The records below need to be set down again exactly; their images stay out.

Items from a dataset
BEGIN

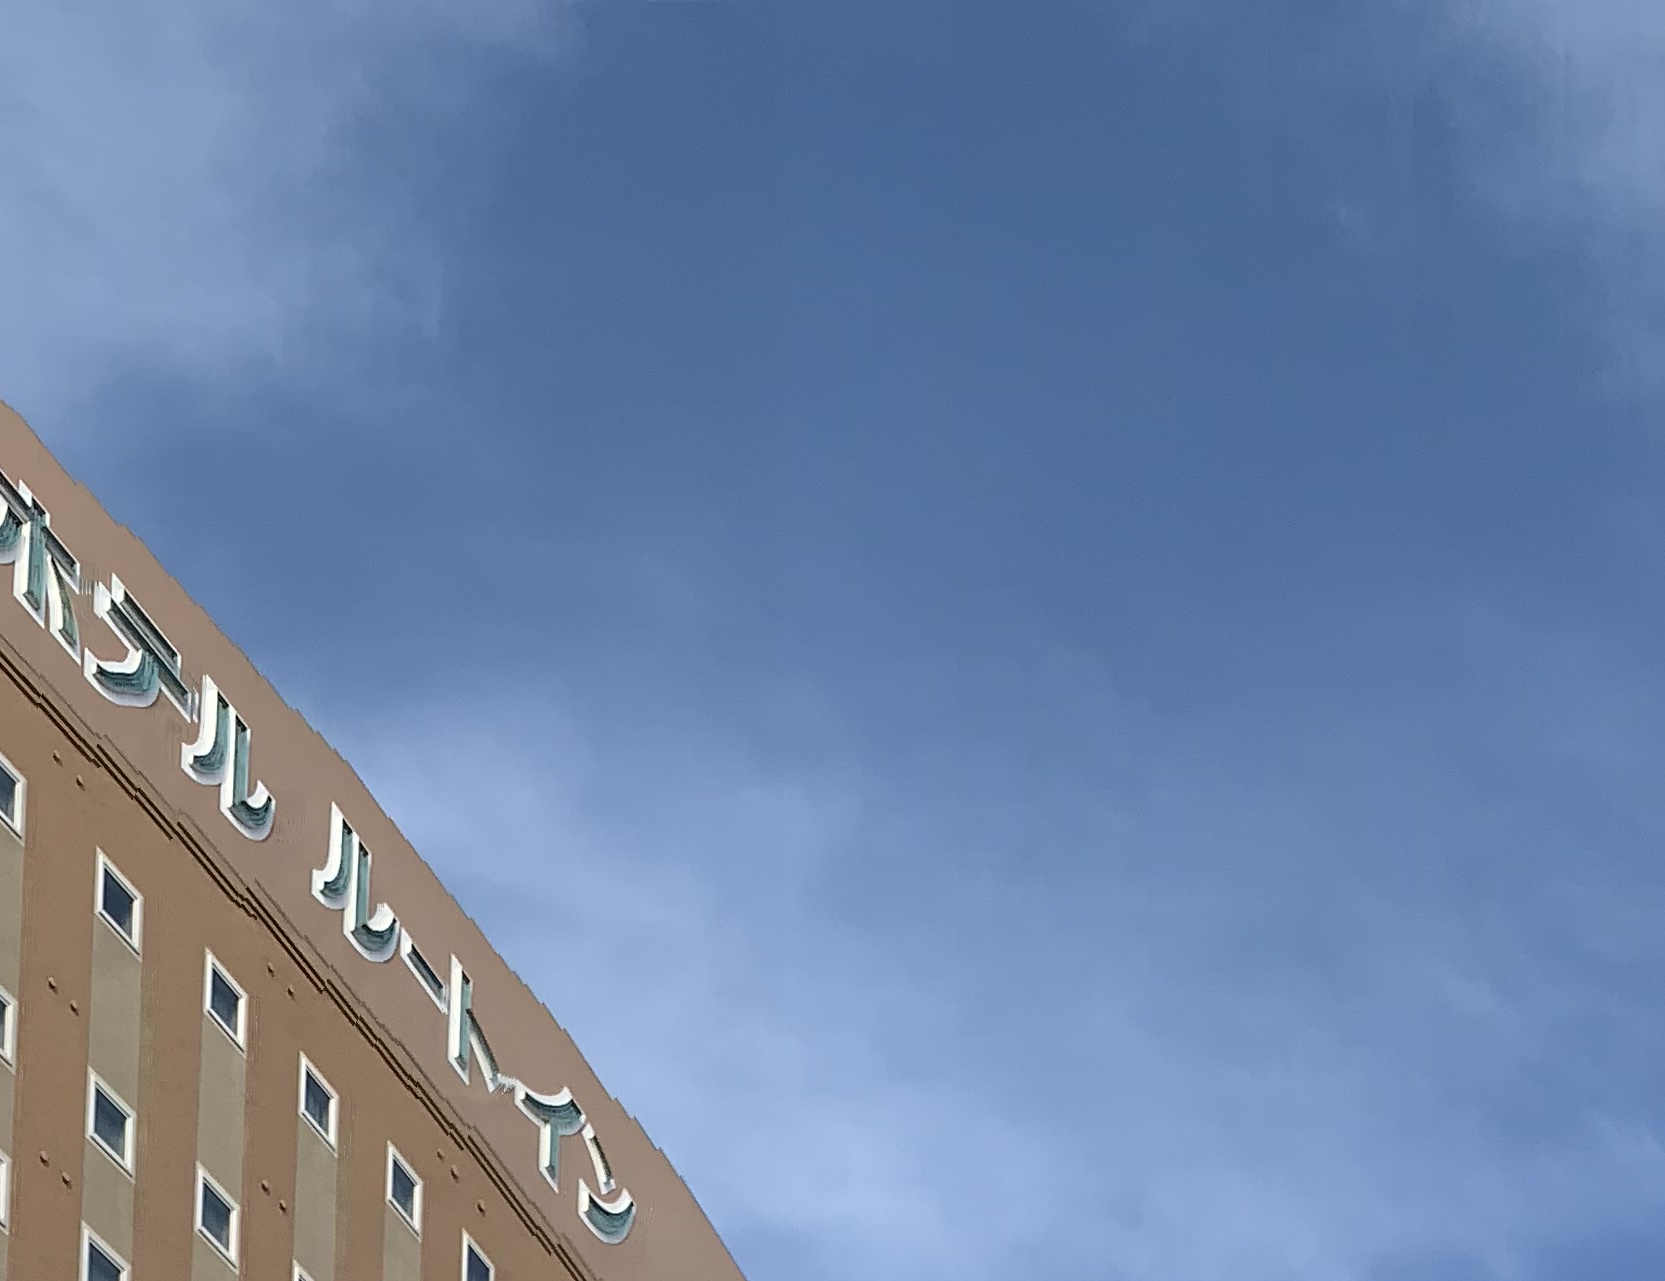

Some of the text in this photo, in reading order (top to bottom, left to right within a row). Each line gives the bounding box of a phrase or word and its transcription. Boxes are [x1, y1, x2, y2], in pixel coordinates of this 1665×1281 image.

[311, 800, 637, 1245] ルートイン
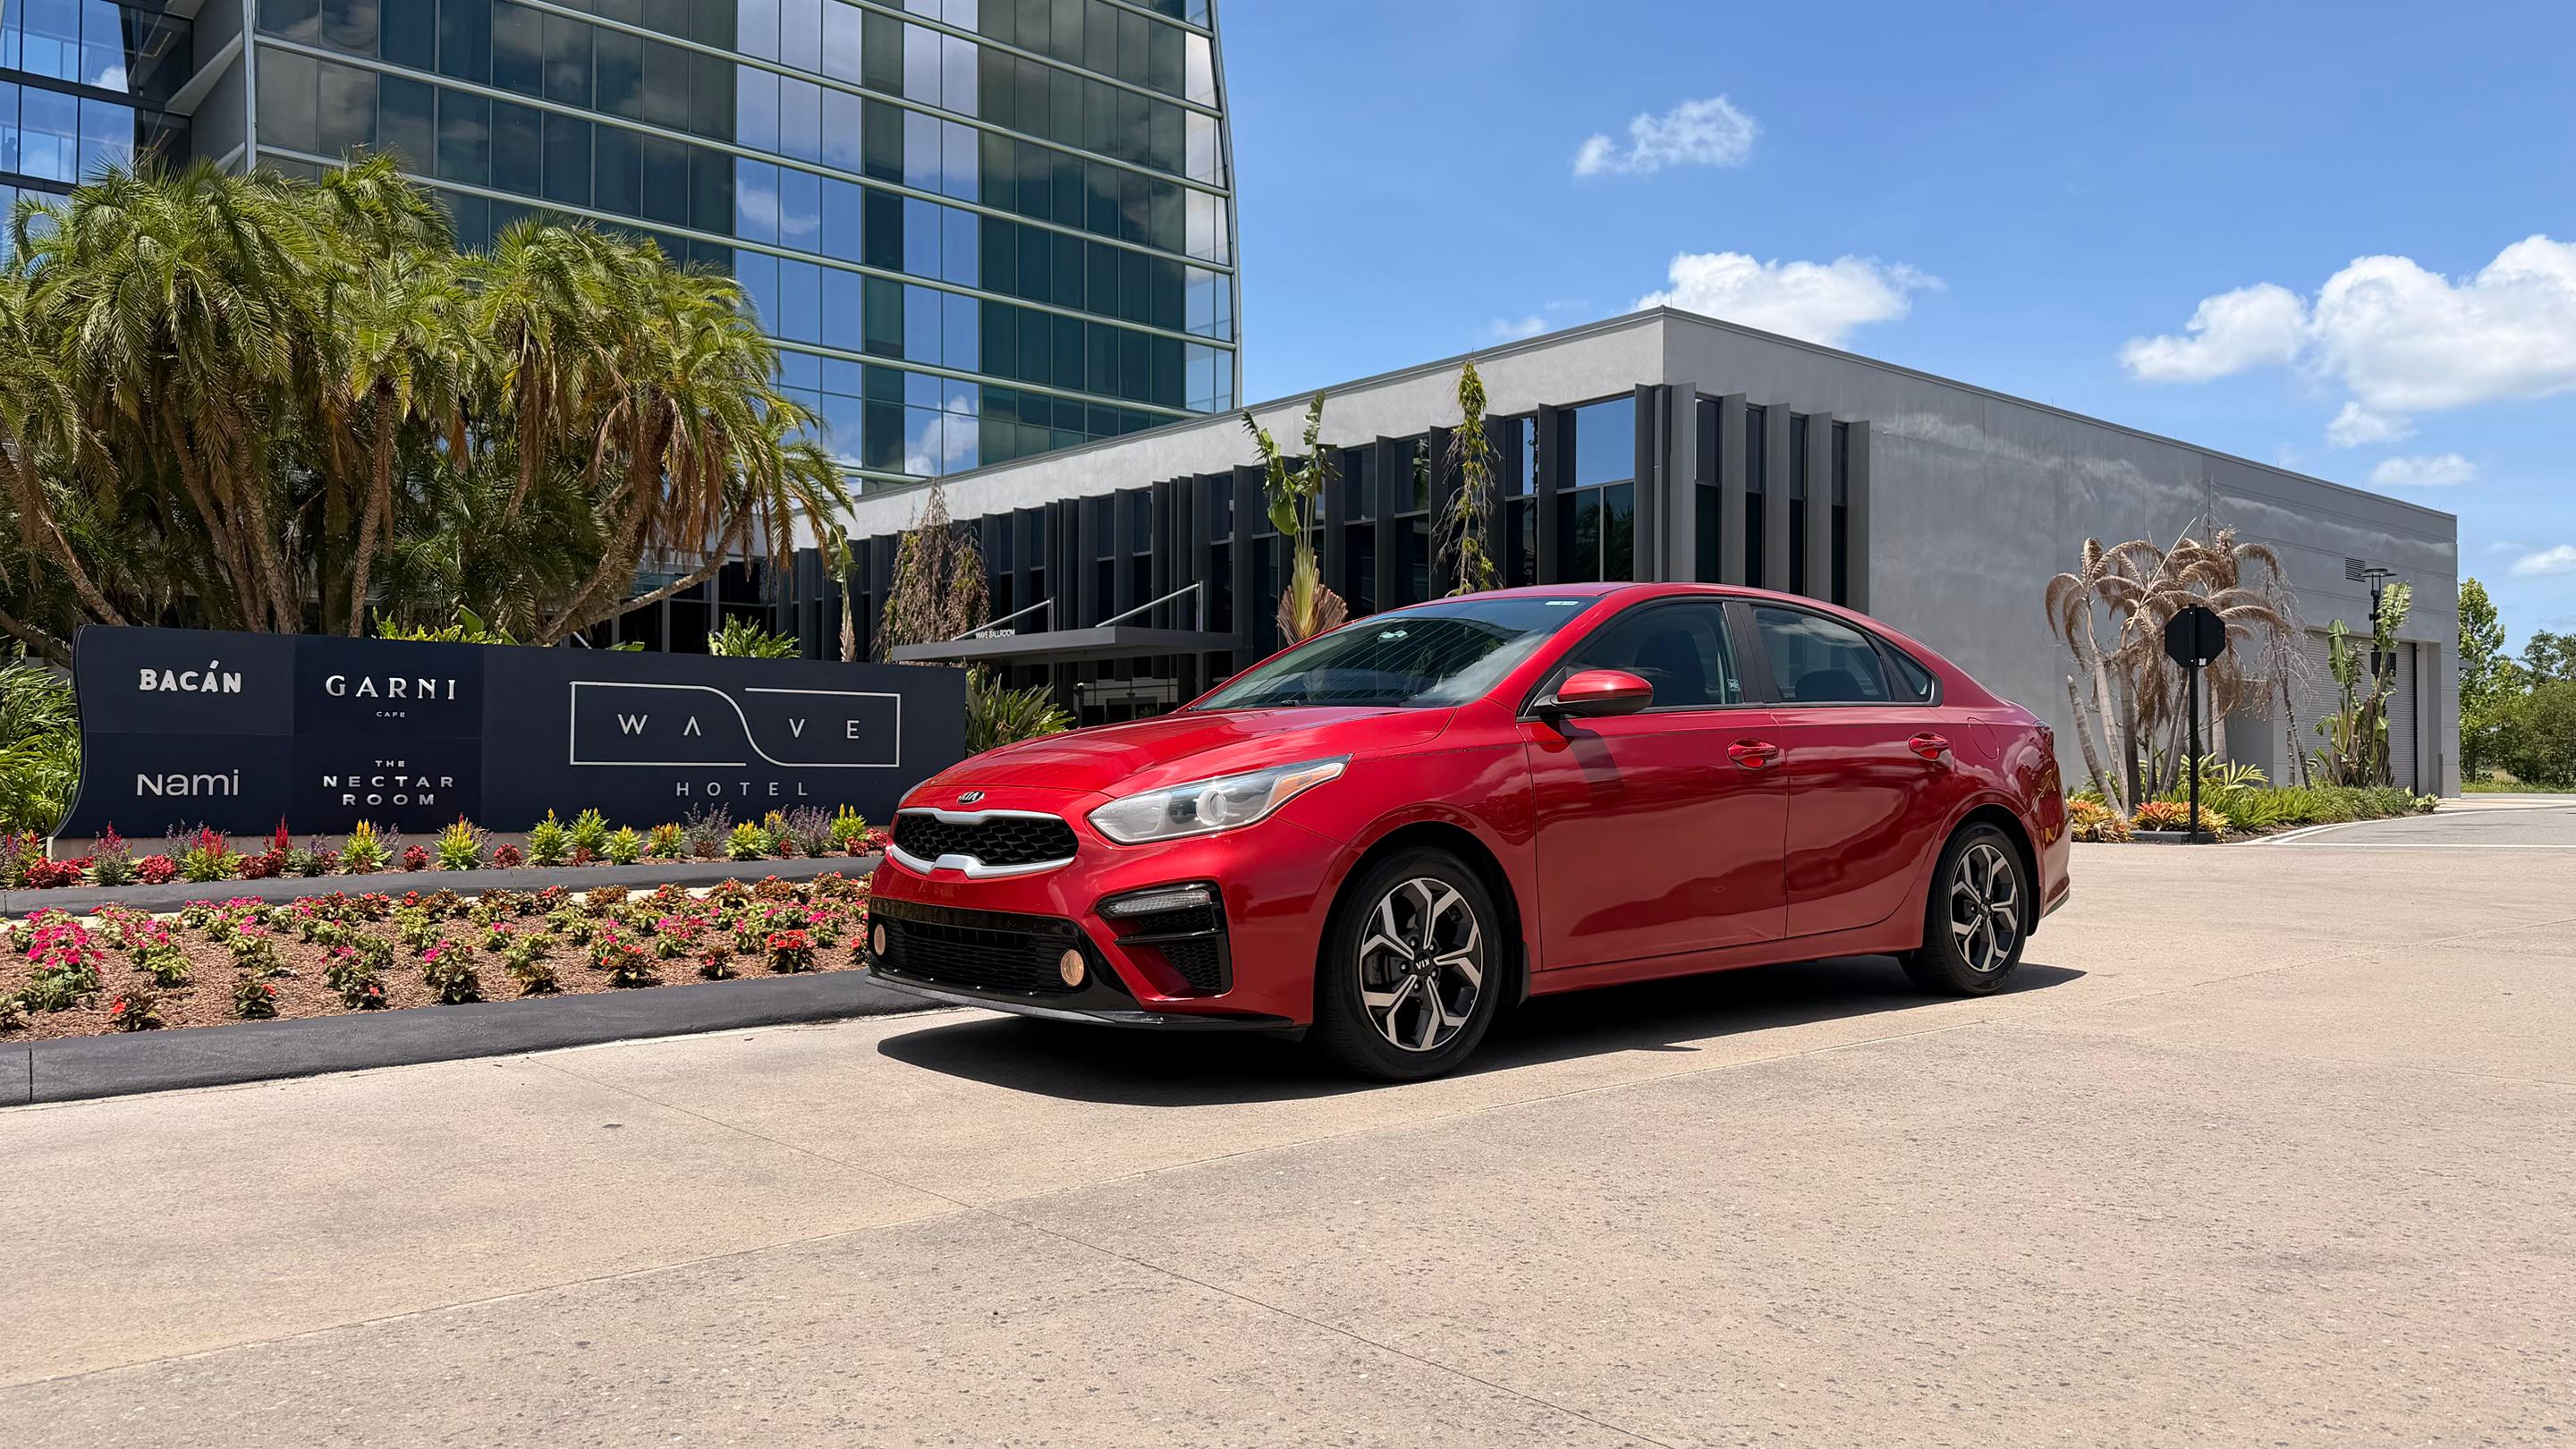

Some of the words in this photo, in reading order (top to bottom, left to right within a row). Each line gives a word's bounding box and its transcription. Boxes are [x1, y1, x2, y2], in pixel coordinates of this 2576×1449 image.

[139, 659, 242, 693] BACÁN
[325, 674, 456, 700] GARNI
[617, 713, 860, 740] WAVE
[375, 759, 405, 767] THE
[137, 768, 239, 796] Nami
[323, 775, 453, 788] NECTAR
[676, 782, 809, 797] HOTEL
[343, 793, 435, 806] ROOM

END

- Your response
Some of the text in this photo, in reading order (top to bottom, left to right within a row). Each line gives the bounding box of a phrase or word and its transcription. Boxes are [x1, y1, x2, y2], in pixel coordinates of this 1665×1281 image.

[311, 800, 637, 1245] ルートイン

Some of the words in this photo, in reading order (top to bottom, left to right within a row). Each line gives a word's bounding box and its transcription. Boxes are [x1, y1, x2, y2], in pixel coordinates of this 2576×1449 image.

[139, 659, 242, 693] BACÁN
[325, 674, 456, 700] GARNI
[617, 713, 860, 740] WAVE
[375, 759, 405, 767] THE
[137, 768, 239, 796] Nami
[323, 775, 453, 788] NECTAR
[676, 782, 809, 797] HOTEL
[343, 793, 435, 806] ROOM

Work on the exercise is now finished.